I like looking at the different ways people choose to portray Biblical figures.

OK, so I don't really know who this is, but isn't that the coolest effect ever?!

 Of course, there's always people in the room. It's impossible not to be slightly miffed by the tourists that forget that you're in a church, that click two photos of the interior and talk too loudly to the people around them before moving on, but this can be countered if, say, a caring husband leaves his pregnant wife waiting patiently at the pews while he goes to fetch a priest to talk about a christening ceremony for the little not-yet-born human that will soon occupy all of their time. Then you can watch as one of the other priests, quicker at changing, comes over to talk to the pregnant wife like they're old family friends and watch the way she reacts, all comfort and smiles and quietly told stories, respectful but happy in the space she's in. You can sit back as the husband comes back, priest in tow, completely focused on getting back to his wife, smiling at her as he approaches.
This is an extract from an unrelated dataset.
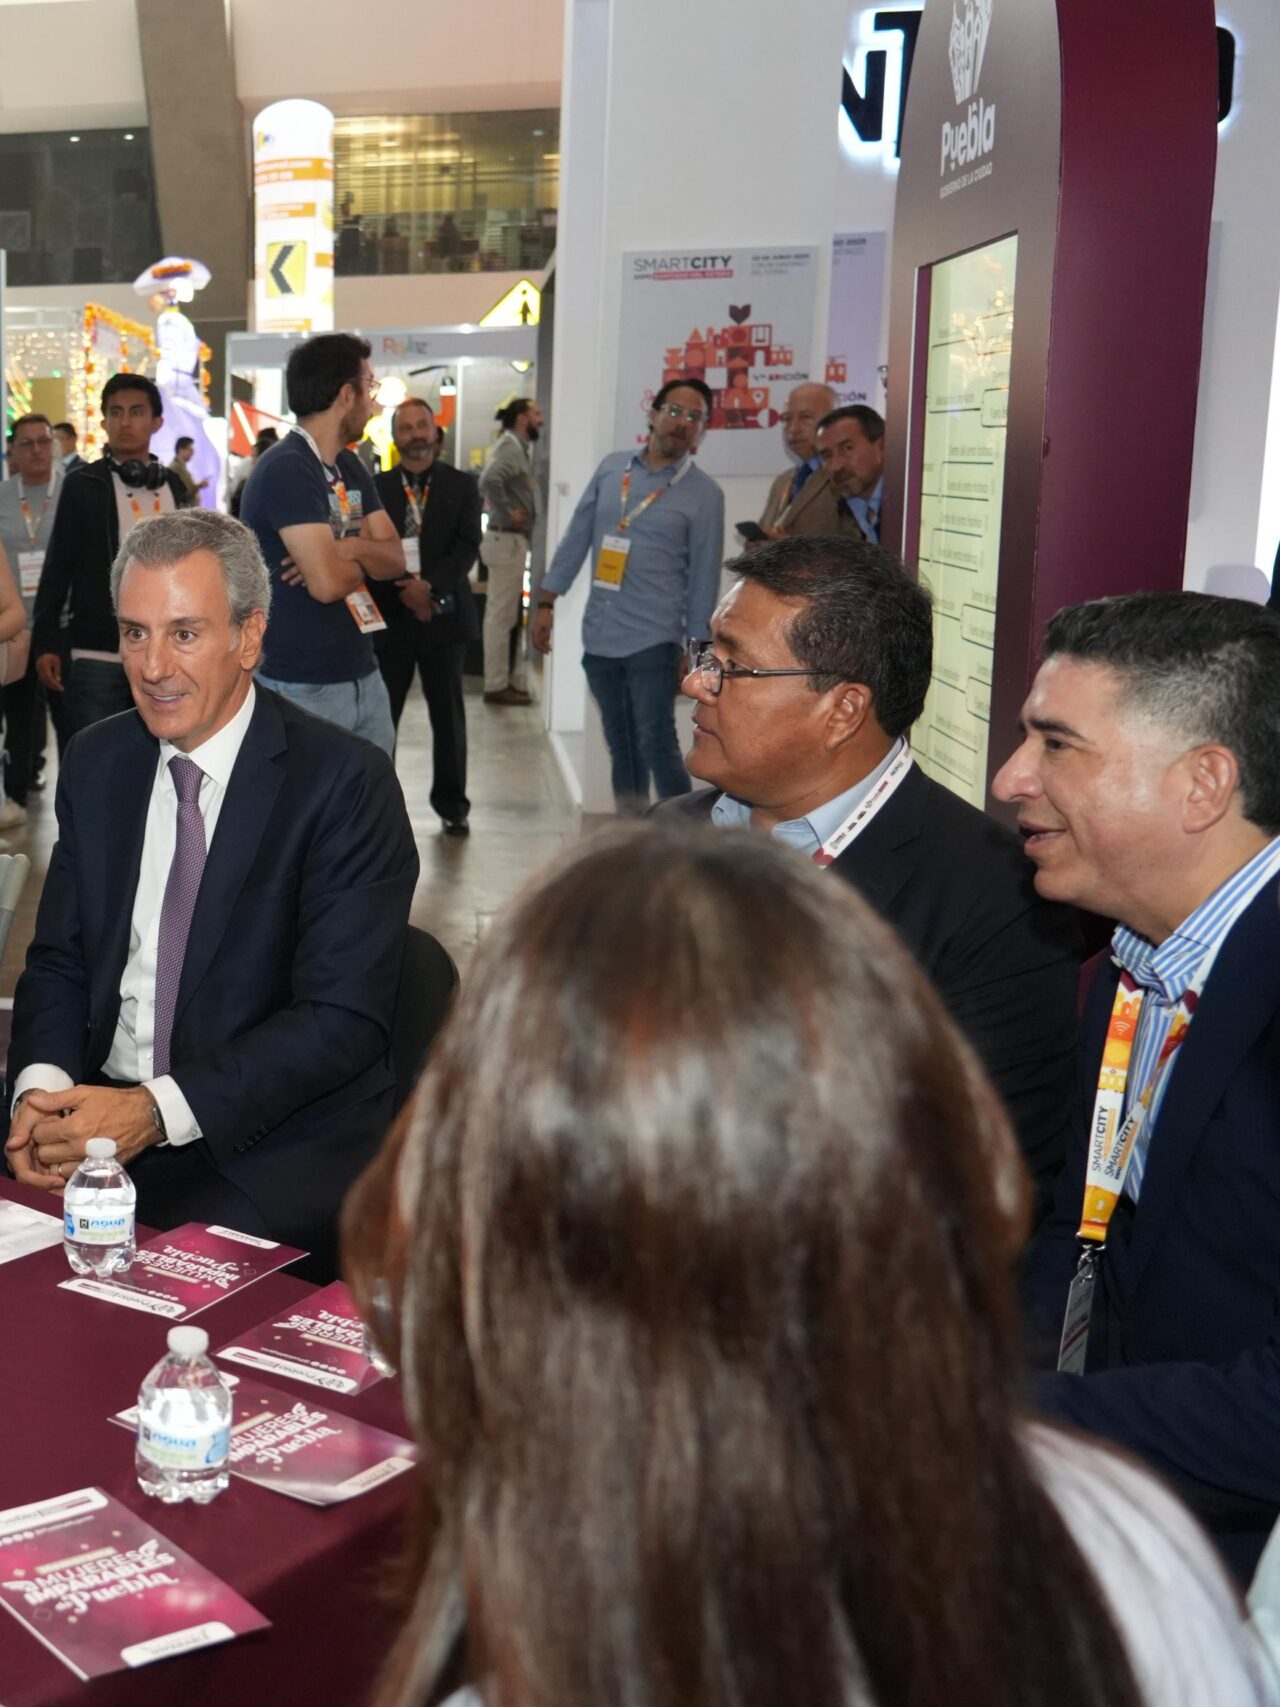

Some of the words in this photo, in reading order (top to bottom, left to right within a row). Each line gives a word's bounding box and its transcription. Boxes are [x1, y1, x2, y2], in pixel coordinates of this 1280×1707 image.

This little scene can give you a good bit of encouragement for the Church, if a place like this, so full of shiny things that they're willing to give you a printed guide at the door to help you sort it out, can still be bothered to do the simple care of a congregation. It can make you smile as you go back to your prayers.
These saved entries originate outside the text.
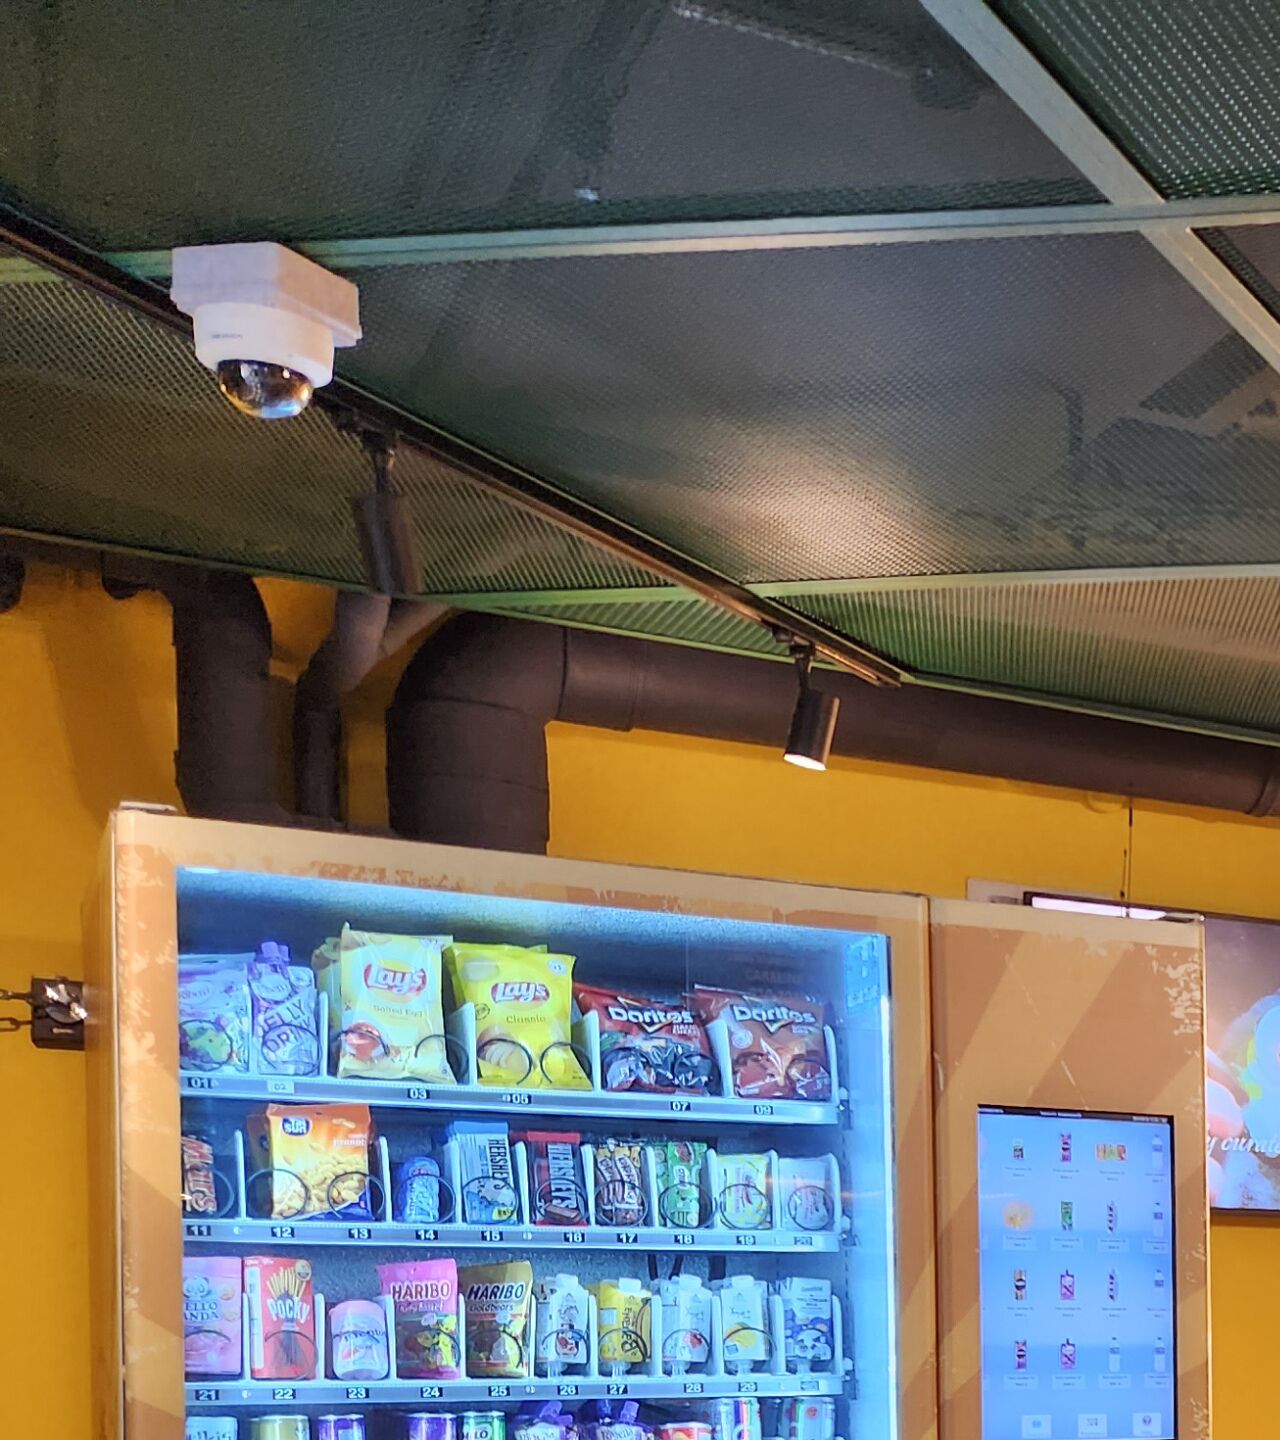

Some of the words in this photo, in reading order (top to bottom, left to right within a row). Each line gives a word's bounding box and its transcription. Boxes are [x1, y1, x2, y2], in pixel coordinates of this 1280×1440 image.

[492, 981, 550, 1004] Lay's
[607, 1005, 695, 1024] Doritos
[733, 1003, 817, 1024] Doritos
[409, 1089, 427, 1099] 03
[512, 1094, 529, 1104] 05
[672, 1101, 689, 1111] 07
[755, 1105, 772, 1115] 09
[190, 1225, 209, 1236] 11
[273, 1227, 292, 1238] 12
[350, 1228, 369, 1239] 13
[417, 1230, 436, 1241] 14
[483, 1232, 501, 1242] 15
[619, 1234, 635, 1244] 17
[676, 1235, 693, 1245] 18
[738, 1236, 754, 1246] 19
[391, 1283, 450, 1300] HARIBO
[466, 1283, 525, 1300] HARIBO
[184, 1300, 218, 1311] ELLO
[184, 1311, 219, 1321] ANDA
[267, 1300, 311, 1324] POCKY
[422, 1387, 441, 1398] 24
[490, 1386, 508, 1396] 25
[559, 1385, 577, 1395] 26
[608, 1384, 626, 1395] 27
[685, 1383, 702, 1394] 28
[739, 1382, 756, 1392] 29
[199, 1389, 216, 1400] 21
[275, 1389, 294, 1399] 22
[349, 1388, 367, 1399] 23
I thumbed through the pamphlet on the objects in the room as I waited the extra half hour for the organ concert to start. The free concert, by the way, was something kinda crazy beautiful. They had singers as well, and they did Ave Maria, which I had done with my youth choir back home and dearly loved and my heart soared for a song I understood. All in all, it was beautiful. But before I got distracted by that, I was distracted by the top paragraph on the back of the pamphlet. "Before leaving, do look again at the painting aboce the main altar.

This work of art (by M. Altomonte) portrays the healing of the lame man by St. Peter and St. John at the Beautiful Gate in Jerusalem. Before you leave the church you might pray for the unity of all Christians. St. Peter's has worked for this goal since 400 AD."

See, the Ascention is when Christ left us all to deal with each other, you know, Love one another as I have loved you, etc. 400 years later, this church began its work trying to make that kind of unity true. It's all good, though. I can't think of a better place to celebrate the beginning of the churches' time together.